In this appeal preferred against the judgment of the Delhi High Court, two questions arise, viz., whether the malt and malt extract produced by the respondent, Barmalt (India) Private Limited (Barmalt), falls within the expression “food product” in Exemption Notification No.55 of 1975 dated March 1, 1975 and whether the respondent is entitled to refund of the excess duty paid by him pending the decision of the High Court. The Assistant Collector took the view that malt and malt extract cannot be treated as food products and, therefore, not entitled to the benefit of the said Notification. On a writ petition being filed, the Delhi High Court upheld the respondent’s plea and also held that it is entitled to the benefit of the said Exemption Notification. On the second issue, the Delhi High Court has overruled the Revenue’s plea based on the theory of unjust enrichment. When this appeal came up for hearing on an earlier date, we held that the High Court was right in saying that malt and malt extract do qualify as food products and, therefore, the respondent has been rightly held entitled to the benefit of the aforesaid Notification. (Para 5 & 1)

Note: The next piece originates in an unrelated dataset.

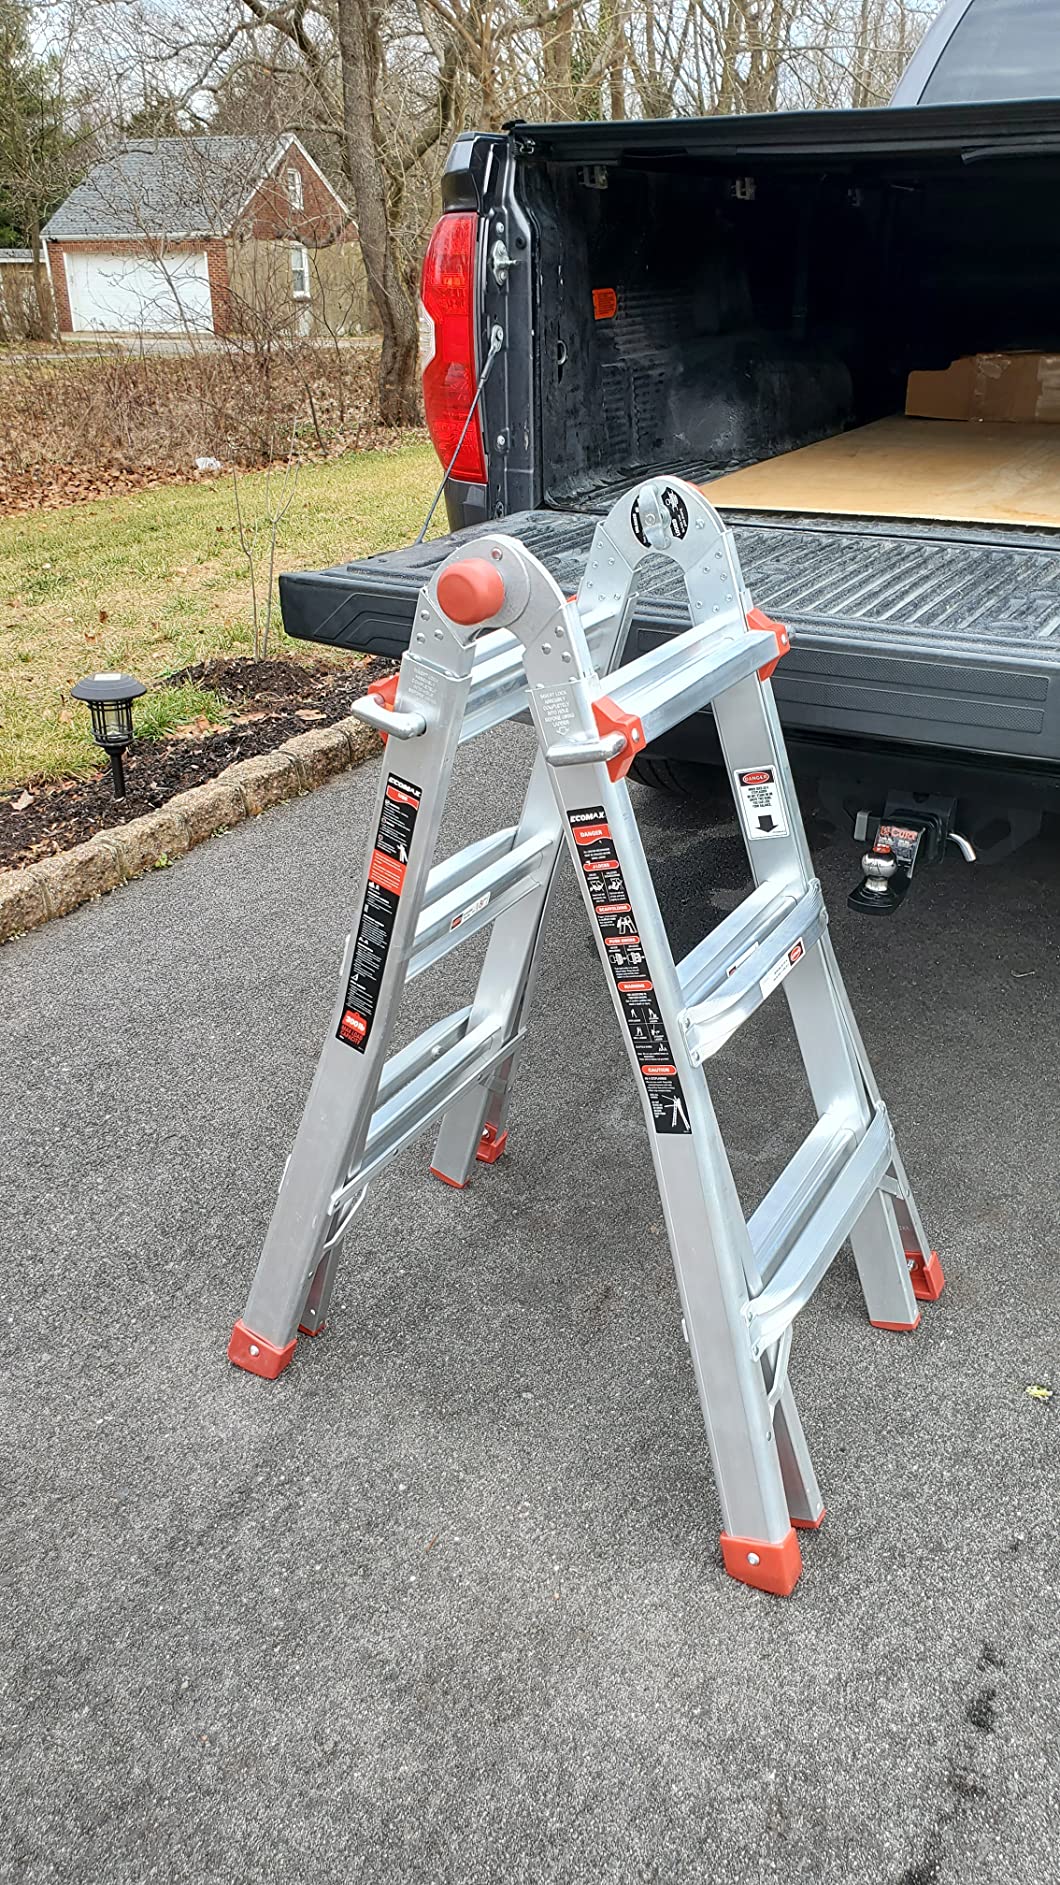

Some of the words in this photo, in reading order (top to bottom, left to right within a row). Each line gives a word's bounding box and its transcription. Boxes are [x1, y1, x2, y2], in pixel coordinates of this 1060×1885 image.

Civil Appeal No.960 of 1986:
1. In this appeal preferred against the judgment of the Delhi High Court, two questions arise, viz., whether the malt and malt extract produced by the respondent, Barmalt (India) Private Limited (Barmalt), falls within the expression “food product” in Exemption Notification No.55 of 1975 dated March 1, 1975 and whether the respondent is entitled to refund of the excess duty paid by him pending the decision of the High Court. The Assistant Collector took the view that malt and malt extract cannot be treated as food products and, therefore, not entitled to the benefit of the said Notification. On a writ petition being filed, the Delhi High Court upheld the respondent’s plea and also held that it is entitled to the benefit of the said Exemption Notification. On the second issue, the Delhi High Court has overruled the Revenue’s plea based on the theory of unjust enrichment. When this appeal came up for hearing on an earlier date, we held that the High Court was right in saying that malt and malt extract do qualify as food products and, therefore, the respondent has been rightly held entitled to the benefit of the aforesaid Notification. But then the question arose about the respondent’s right to refund. On this aspect, we posted the matter for further hearing because of the peculiar situation arising in this matter, to which we shall now advert.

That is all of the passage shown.